Chapter 16 Configuring Persistence Object Management : Understanding Persistence-Based Object Management

Understanding Persistence-Based Object Management
As illustrated in the figure on this page, the Persistence object management option persists a snapshot of the working memory for each inference agent (rule session) in the deployed system. The data for each inference agent is persisted to a data store at specified intervals.
A small cache for each inference agent ensures that currently used objects are available in memory for improved performance. You can control the size of the cache (see Property Cache Size).
The persistence data store is provided and managed by BusinessEvents.
Persistence-based object management provides data recovery in the case of a complete system failure. When the system comes up after a system failure, BusinessEvents restores the working memory (or memories) to the last checkpoint state. It also receives all of the previously unacknowledged messages (see Message Acknowledgment Timing for Each Object Management Type).
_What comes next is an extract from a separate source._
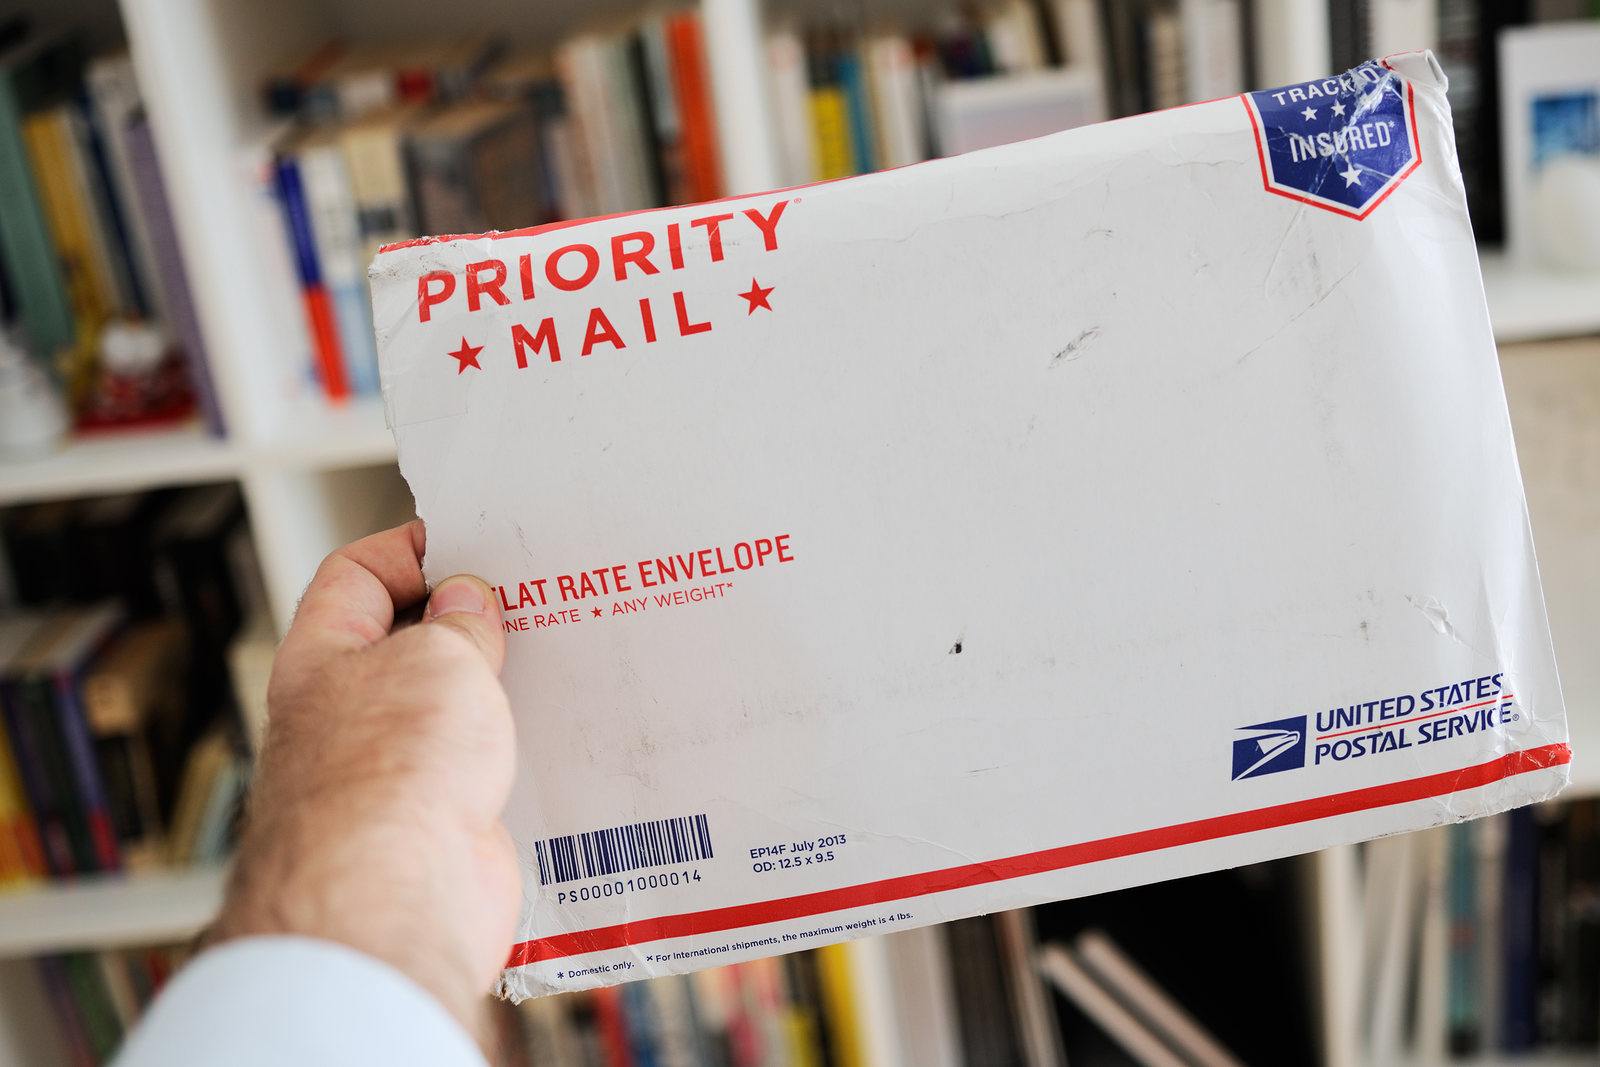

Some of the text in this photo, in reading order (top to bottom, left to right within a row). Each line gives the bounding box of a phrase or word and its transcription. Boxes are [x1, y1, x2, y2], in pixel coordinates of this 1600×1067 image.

Data in memory at time of failure and not yet written to disk is lost.
Use of the Persistence option affects performance, due to the disk writes required. BusinessEvents provides parameters — checkpoint interval and property cache size — to help you tune performance. You can also determine how many objects to keep in the data cache, in order to manage JVM memory usage for the application for better performance.
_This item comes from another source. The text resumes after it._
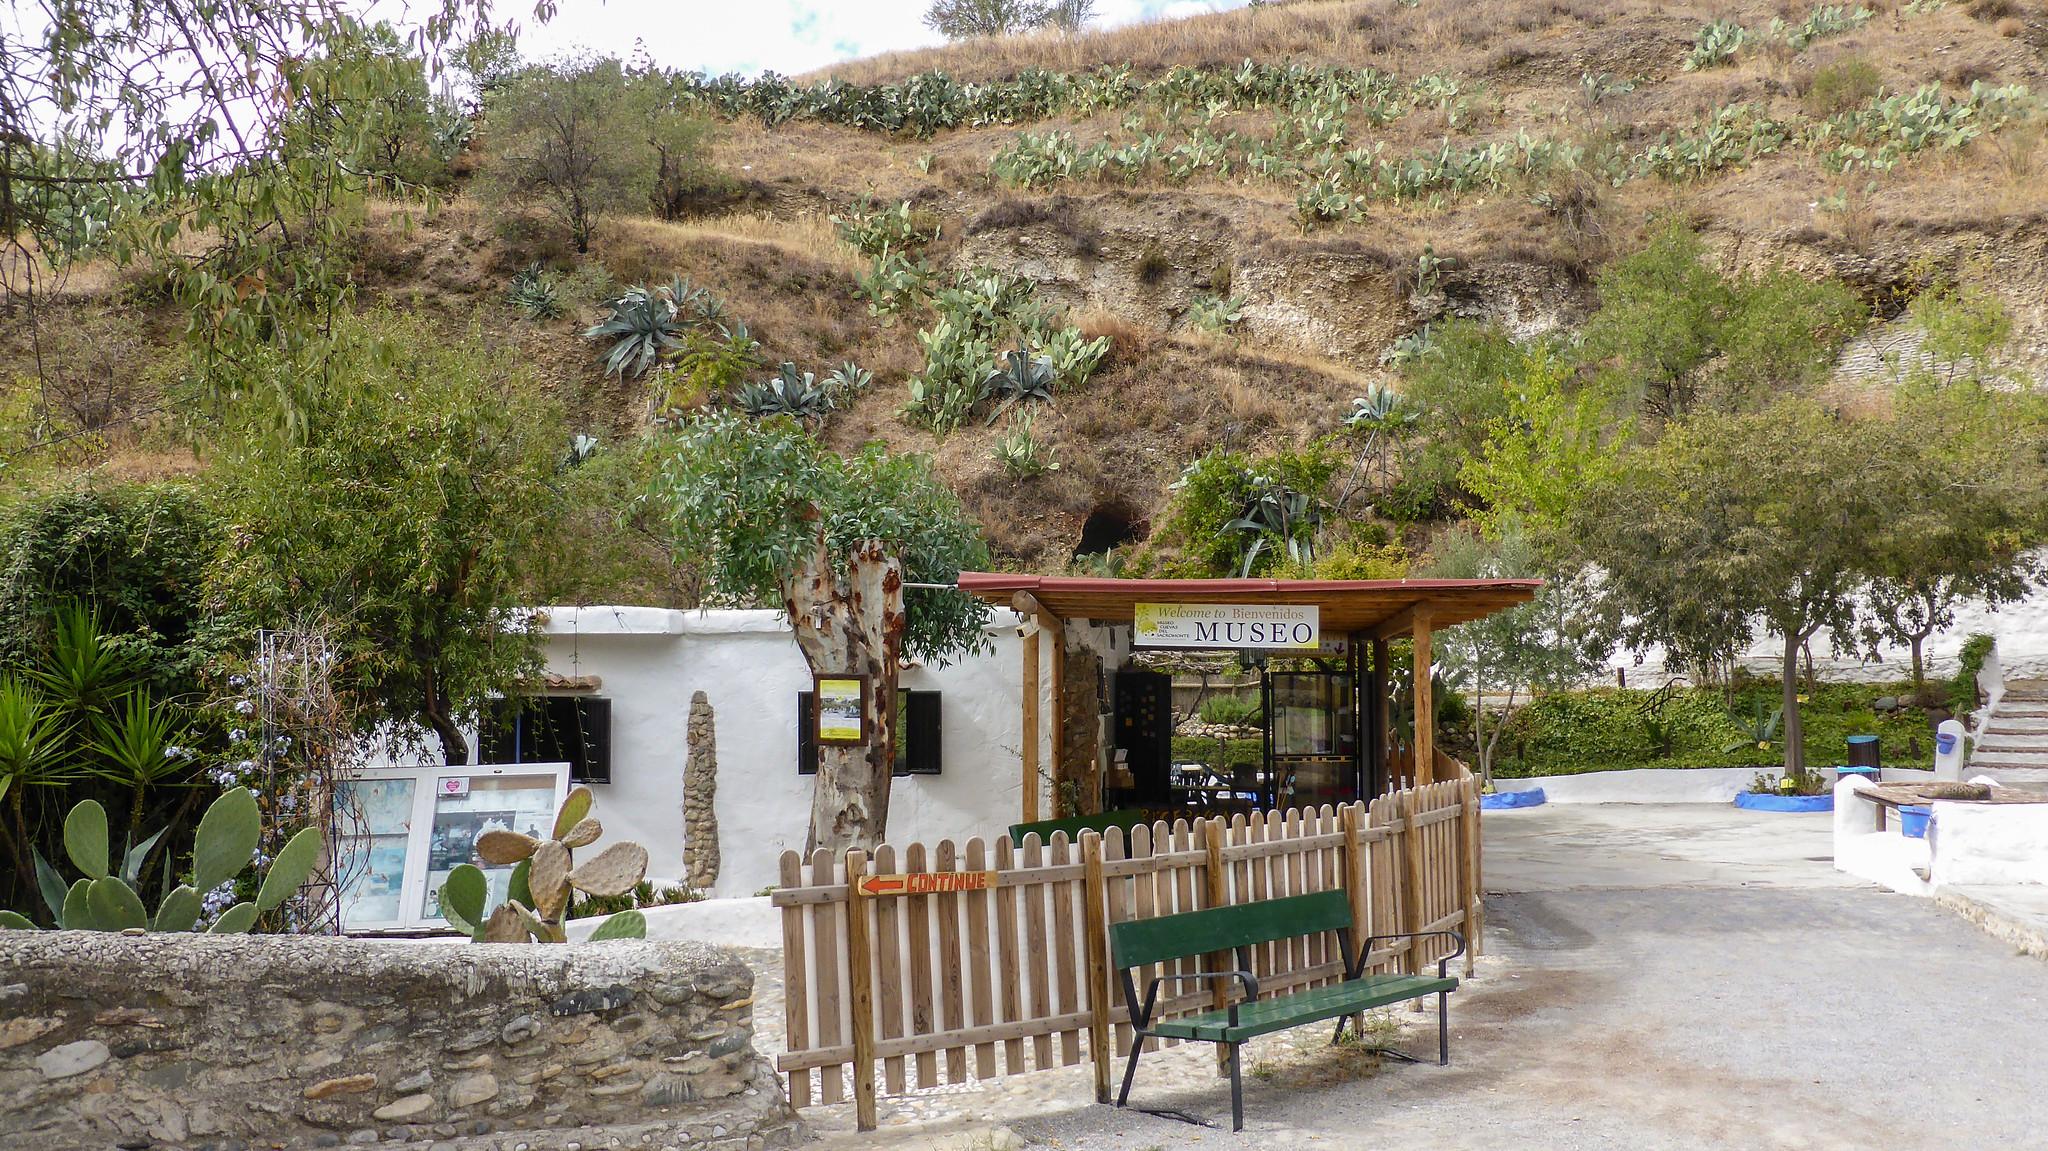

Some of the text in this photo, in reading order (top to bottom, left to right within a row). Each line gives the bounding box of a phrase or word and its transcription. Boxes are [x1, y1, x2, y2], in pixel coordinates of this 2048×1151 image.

You can fine tune the data cache usage at the rule session level, as described in Defining the Database Directories for Each Rule Session (Inference Agent).
You can tune memory usage by setting the number of properties and number of events to keep in JVM memory,. You can also set aside a percentage of JVM memory for use by the persistence layer. See Engine Property File Settings for Persistence Object Management for details.
Fault Tolerance With Persistence Object Management
Fault tolerance features for Persistence object management are not provided by BusinessEvents. You can, however, implement a custom fault tolerance solution using TIBCO Rendezvous and TIBCO Hawk or third-party fault-tolerance tools. For example, you could set up two servers that each point to the same persistence data store, and you could write rules in your fault-tolerance tool to detect failure and take appropriate steps (for example, removing any lock files) when failing over to the secondary server.
If you will provide a custom fault tolerance solution, do not enable any built-in BusinessEvents fault tolerance features. They are not used with your custom solution.
Data Migration to Cache Object Management With Backing Store
If you decide to change to a Cache OM option, follow procedures in TIBCO BusinessEvents Installation, to migrate data. You must of course configure the other features of Cache OM as well.